You see it a bit too narrow here. From the history of that topic we can see it is being social and mathematical problem. Obviously much of the thesis is not about "ideal points system for the FAH". Maybe some implementation part of it does that, but largely it is about modeling and analyzing "reward system based on set of input-output parameters and constraints" which should have (among other possible sets) all the FAH requirements-needs abstracted and defined in terms of mathematics. If that part is done then the "politics is thrown out" and it is basically just finding best theory and algorithm for the task. Being it from the realm of social behaviour or physics or somewhere else is up to the researcher to decide.

kasson said:
For the moment, please accept that benchmark problems would not be considered an appropriate scholarly project at Stanford in the fields that Professor Pande is associated with. If we consider the original proposal: assume we can provide a means to run a benchmark calibration as part of the work unit and a means (non-trivial) to detect changes to machine capability and ensure that the benchmark continues to be representative of the machine capability during the run. Given that, what do you think of basing points on this on-system benchmark? This is non-trivial for us to implement but could provide a much greater degree of consistency.

bruce said:
For WUs without a bonus, I think it's an excellent suggestion.

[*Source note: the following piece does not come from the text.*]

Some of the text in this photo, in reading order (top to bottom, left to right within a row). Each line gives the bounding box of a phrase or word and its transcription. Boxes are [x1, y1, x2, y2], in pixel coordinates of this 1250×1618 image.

That still leaves a question about how to establish settings for QRB that are "fair" for everyone.

This discussion started because of discrepancies between WUs similar to p6901 and p2686. Both projects have the same K-factor, the same deadlines, etc. and (before the discussion started, the same baseline-points. Are these two types of projects still going to have the same values in psummary or will there be a systematic adjustment in baselne points that will make them somehow be adjusted ON DONOR SYSTEMS so that they're no longer identical?

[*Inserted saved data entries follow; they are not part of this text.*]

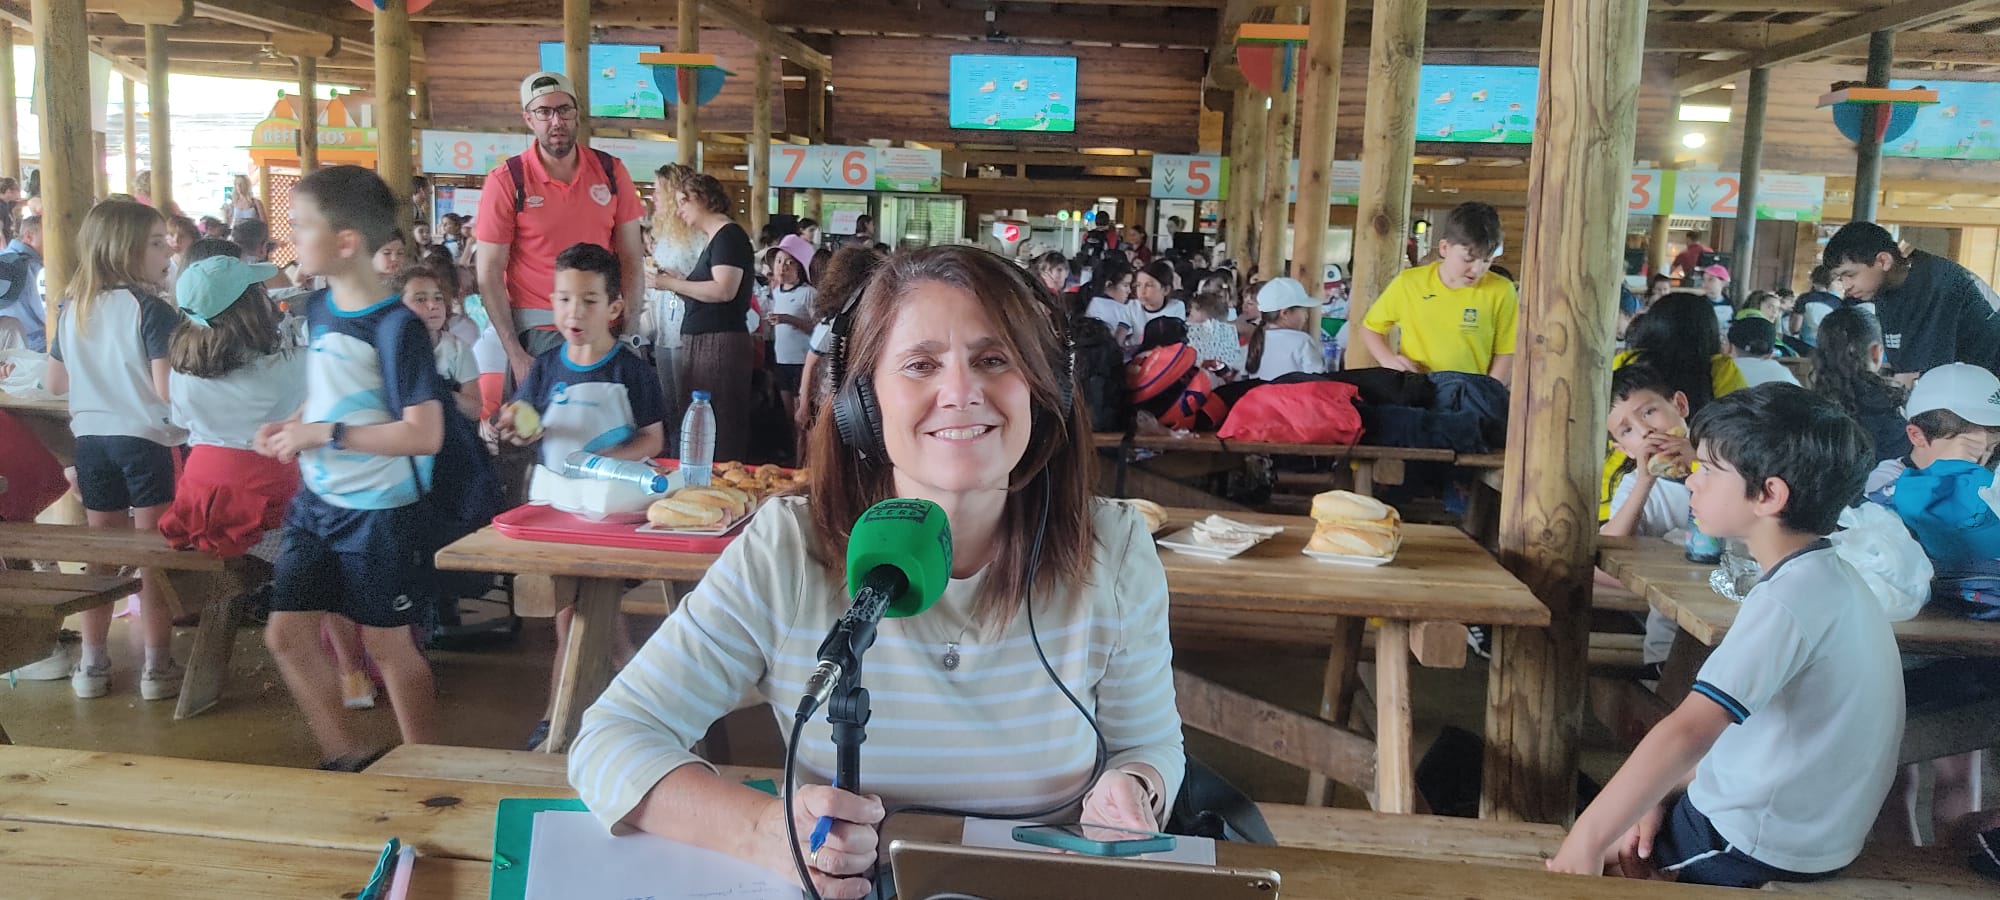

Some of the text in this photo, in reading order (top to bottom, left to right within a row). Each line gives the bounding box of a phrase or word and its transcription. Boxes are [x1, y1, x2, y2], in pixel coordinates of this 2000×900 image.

[453, 140, 474, 171] 8
[782, 148, 806, 184] 7
[842, 151, 868, 186] 6
[1185, 161, 1211, 195] 5
[1628, 174, 1652, 209] 3
[1710, 177, 1740, 213] 2
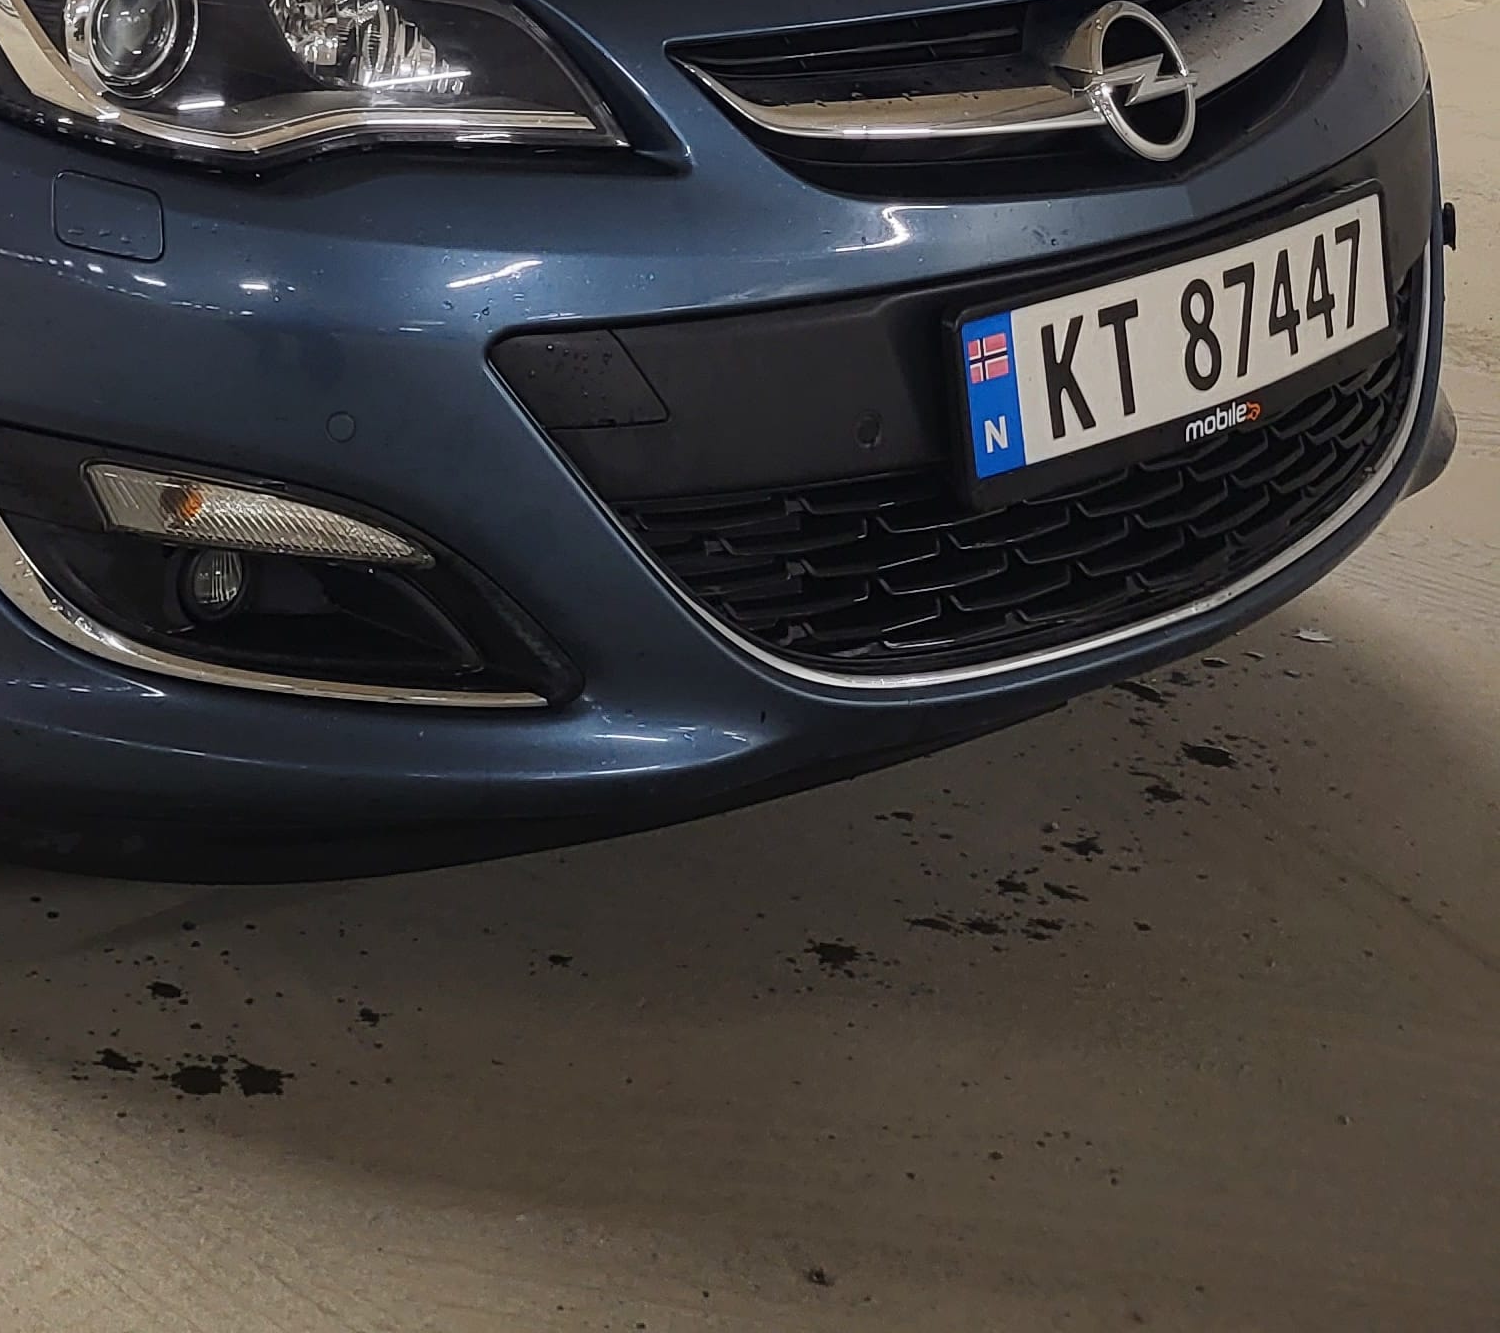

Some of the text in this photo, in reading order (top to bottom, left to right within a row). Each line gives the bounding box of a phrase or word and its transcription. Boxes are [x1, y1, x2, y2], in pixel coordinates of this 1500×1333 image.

The baseline points for p2684 were adjusted heuristically by the suggested 10/7. We need a systematic plan that can avoid future heuristic adjustments and that plan needs to apply to everything. It's not clear whether this would accomplish that or not.

VijayPande said:
My plan would be to have this new system running along side the current one for a while, which would allow us to try out how the new system would do before switching over to it. If nothing else, it would be a built in way to do benchmarking on a variety of machines to look for PPD fluctuations. That data alone may be very useful in making our point that PPD *can't* be consistent with a current fixed-points based method. If so, then we would have the needed information to decide how to move forward.
 
This strikes me as the Marxist approach to points. From each according to their ability, to each according to their needs.
 
This strikes me as the Marxist approach to points. From each according to their ability, to each according to their needs.
So we get to be the Bourgeoisie? Everyone else who doesn't fold get to be the proletariat's?:p

"As the forces of production, most notably technology, improves, existing forms of social organization become inefficient and stifle further progress".(F@h points system)

See whats happening here?;)
 
Within reason, PG can manipulate the ppd of say ATi and AMD machines to end complaints about low production. THey can't go so far as to influence folks into buying hardware that slows the science, but can go far enough to bring slow folders in. THere will never be equal pay for equal work..... as if there is with the QRB.

Bruce points out the weakness of the system, run the benchmark without the OC then turn it back on and rake in the points. Random benchmarking sounds harder to implement than is practical. If hit with a random benchmark, the unscrupulous donor would turn off the OC, reinstall the client to get a new initial benchmark and turn the OC back on..
 
...the thread continues:

Bruce said:
We've spend quite a bit of time focusing on PPD for bigadv, to the exclusion of all other potential problems. What should we be doing about issues like A4 projects like this?
Subject: Projects 10062 - 10082

Will an internal benchmark that is (probably) based on Gromacs be equitable for ProtoMol work?

As you can see from the comments, it's not only an issue of low PPD, it's an issue of short deadlines.


Michael_McCord said:
Also, there would be fluctuation in PPD for people using their CPU heavily but intermittently, like for gaming, when most of the CPU cycles were not being utilized for folding. I still like the idea of a standardized machine which favors the typical donor/consumer and it is whatever it is.

VijayPande said:
Yea, this is a good question that I'm sure others will ask. CPU time records just the amount of CPU time used. So, if the core is just getting 1/4th the time (let's say 3 other processes are running), then it will take longer wall clock time, but not longer CPU time. The benchmark is for *cputime* used not wall clock.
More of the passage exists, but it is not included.